Born Too Early: Improving Maternal and Child Health by Reducing Early Elective Deliveries


Nationwide, up to ten percent of all babies are scheduled for delivery via labor-inducing medication or cesarean section before 39 weeks gestation without medical indication.1 Despite the serious neonatal and maternal health risks associated with early elective deliveries (EED), many women deliver during this time period due to provider preference, convenience, or for relief of symptoms.2,3 Evidence suggests that most women are unaware of the possible dangers of choosing to deliver their babies prior to 39 weeks gestation.4 Health plans and health plan foundations can play an important role in reducing EEDs by implementing payment reforms, collaborating with state and local government and community-based organizations, and educating health care providers and members about the dangers of EED.

This brief will discuss the health risks and costs associated with early elective deliveries, federal government and national initiatives to support full-term pregnancies, and health plan and health plan foundation ap-proaches to reducing EED.

Early Elective Deliveries: Paying the Price

The potential negative health consequences of early elective delivery, along with the associated costs, are placing an unnecessary burden on infants, mothers and the health care system as a whole.

Infants Face An Increased Risk Of:

  • Lower brain mass – the brain at 35 weeks weighs only two-thirds of what it does at 39-40 weeks5
  • Low birth weight – the average preterm baby weighs less than 5 pounds while the average full-term baby weighs between 7 and 8 pounds6
  • Feeding problems7
  • Respiratory distress syndrome (RDS) – one in ten premature babies develop RDS8
  • Longer hospital stays – the average newborn stay is 2 days versus 14 days for preterm infants9

Mothers Face An Increased Risk Of:

  • Postpartum depression10
  • Cesarean delivery – elective inductions are two times more likely to result in cesarean delivery11
  • Complications requiring longer hospital stays – the average vaginal delivery stay is 2 days versus 4 days for a cesarean delivery with complications12

Price to the Health Care System:

Elective induction of labor is associated with an increased risk of a cesarean delivery, and average total payments for cesarean births are close to 50 percent higher than payments for vaginal births (Figure 1).
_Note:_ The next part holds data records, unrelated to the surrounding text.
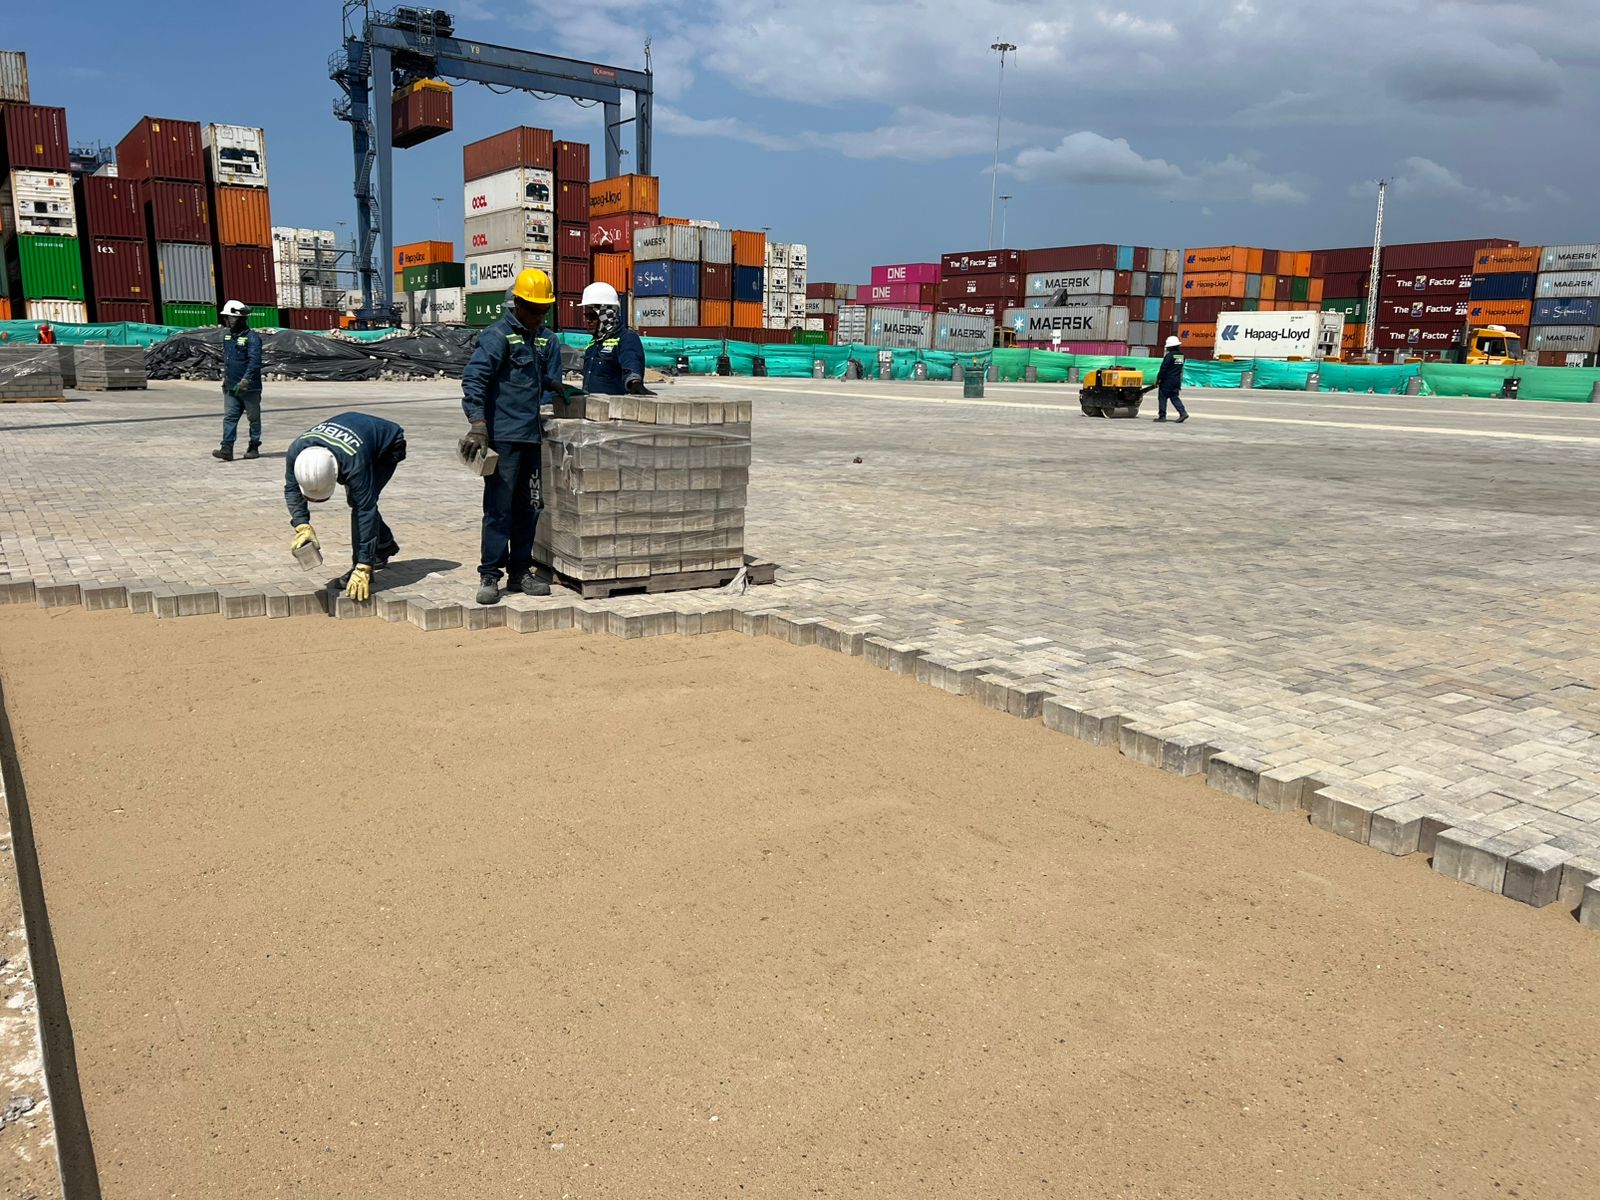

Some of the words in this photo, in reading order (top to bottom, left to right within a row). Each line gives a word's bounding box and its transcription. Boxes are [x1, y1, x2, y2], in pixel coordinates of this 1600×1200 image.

[470, 45, 480, 54] Y9
[97, 244, 115, 254] tex
[480, 263, 514, 280] MAERSK
[888, 267, 906, 279] ONE
[1046, 277, 1090, 288] MAERSK
[872, 286, 890, 298] ONE
[884, 323, 924, 335] MAERSK
[1030, 316, 1093, 330] MAERSK
[950, 328, 986, 338] MAERSK
[1244, 328, 1310, 341] Hapag-Lloyd
In addition, infants born prior to 39 weeks are more likely to have stays in the neonatal intensive care unit (NICU), at a considerable increased expense to both commercial insurers and Medicaid (Figure 2).
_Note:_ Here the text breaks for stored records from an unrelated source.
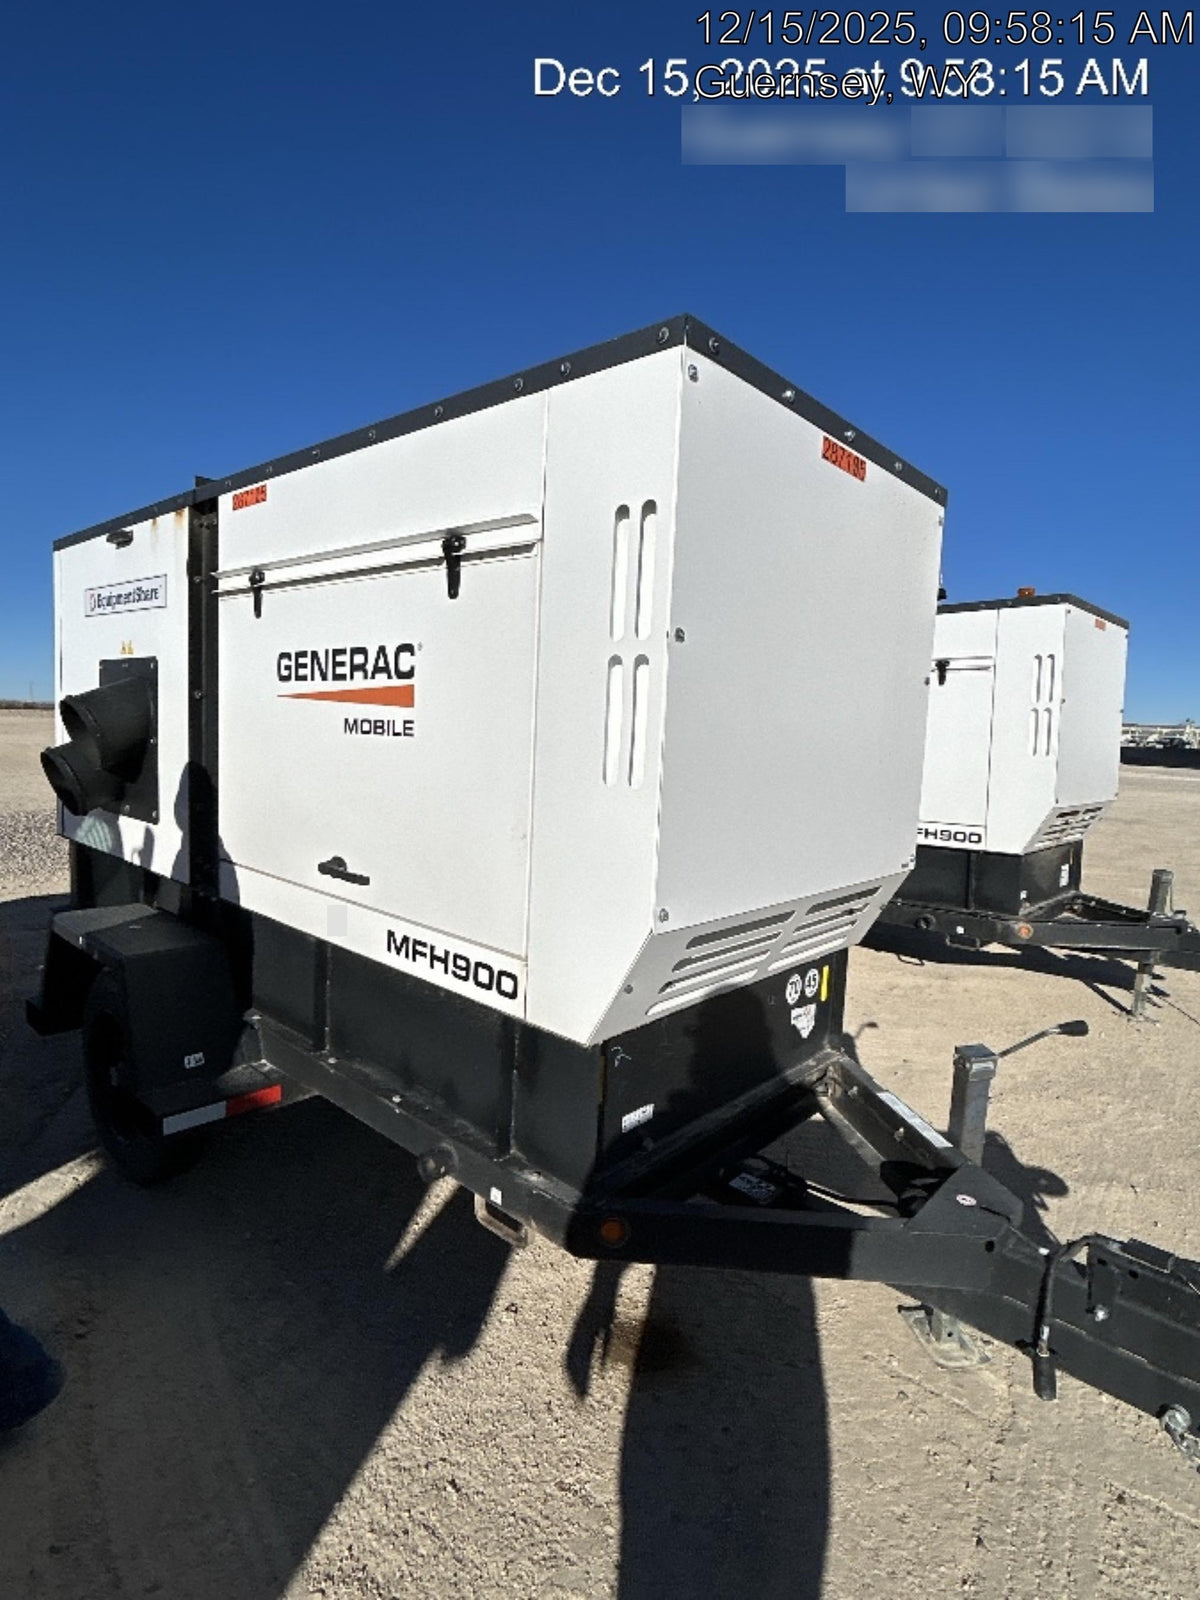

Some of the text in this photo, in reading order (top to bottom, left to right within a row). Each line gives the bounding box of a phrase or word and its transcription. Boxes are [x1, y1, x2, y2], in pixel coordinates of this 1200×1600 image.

[276, 642, 415, 683] GENERAC
[343, 717, 415, 737] MOBILE
[916, 827, 983, 844] FH900
[386, 928, 519, 1001] MFH900
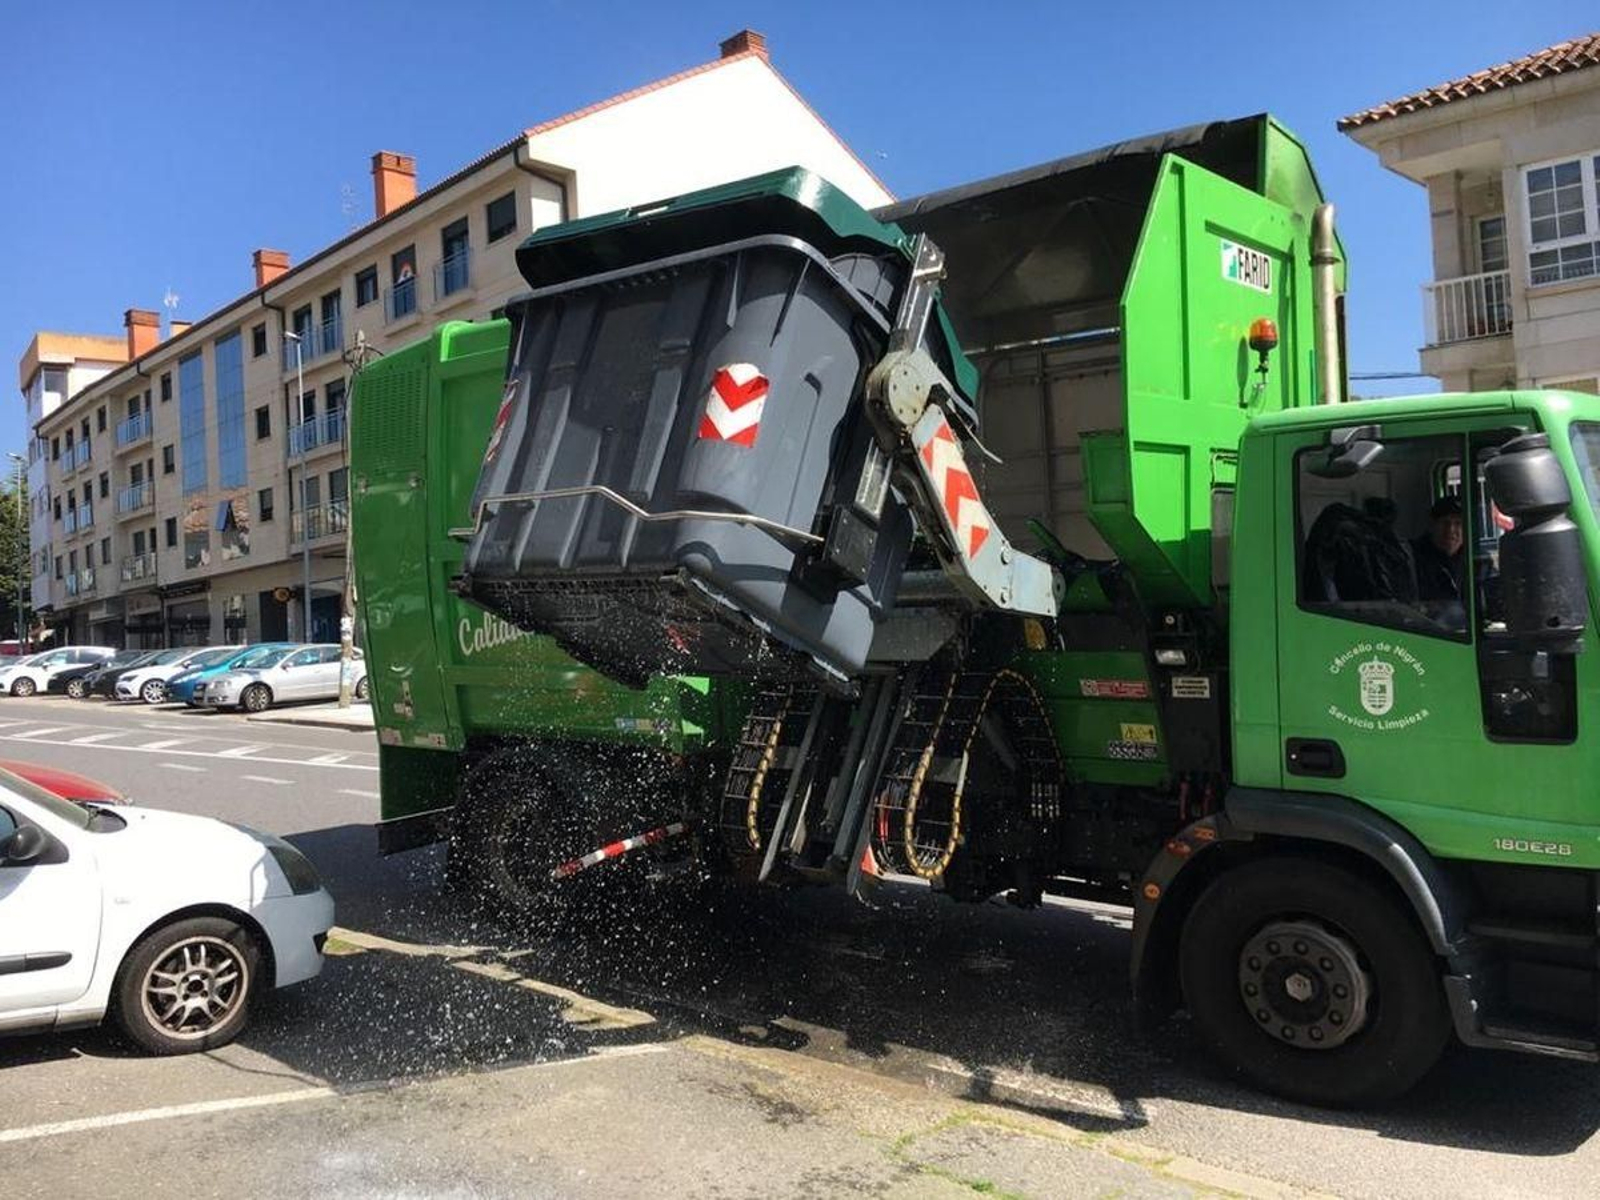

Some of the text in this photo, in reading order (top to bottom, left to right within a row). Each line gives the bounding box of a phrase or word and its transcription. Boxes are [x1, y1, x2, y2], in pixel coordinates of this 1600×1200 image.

Federal & National Initiatives

Reducing early elective deliveries is key to reducing the nation’s infant mortality rate and improving birth outcomes.13 The U.S. currently ranks 32nd in infant mortality compared to other industrialized nations, and the Department of Health and Human Services’ Secretary’s Advisory Committee on Infant Mortality has called for a reduction in the infant mortality rate from 6.15 to 5.5 per 1,000 live births by 2015.14,15 In order to achieve this goal, many federal government agencies and national organizations are spearheading important initiatives to prevent preterm birth and early elective deliveries.

These efforts include developing evidence-based interventions at the state level; improving hospital quality reporting to evaluate progress in reducing EEDs; sharing data, best practices, and other resources; and creating provider and consumer educational campaigns. More information on these diverse initiatives can be found in Appendix A.

Health Plan and Health Plan Foundation Initiatives

Preventing and eventually eliminating EEDs requires collaboration across federal, state and local governments, businesses, hospitals and health care providers. The following two sections highlight opportunities and examples of how health plans and health plan foundations are also critical leaders and partners in preventing EEDs and improving birth outcomes.

Payment Reform

According to the Catalyst for Payment Reform, higher payment rates for cesarean births, along with the convenience of scheduled births for patients, providers and hospitals, have led to an increase in planned inductions and cesarean deliveries.16 A variety of payment reforms have been proposed to encourage adherence to established guidelines recommending against elective delivery prior to 39 weeks gestation. The intent of these payment reforms is to align incentives through positive or negative payment structures and reduce the growing cost associated with medically unnecessary interventions.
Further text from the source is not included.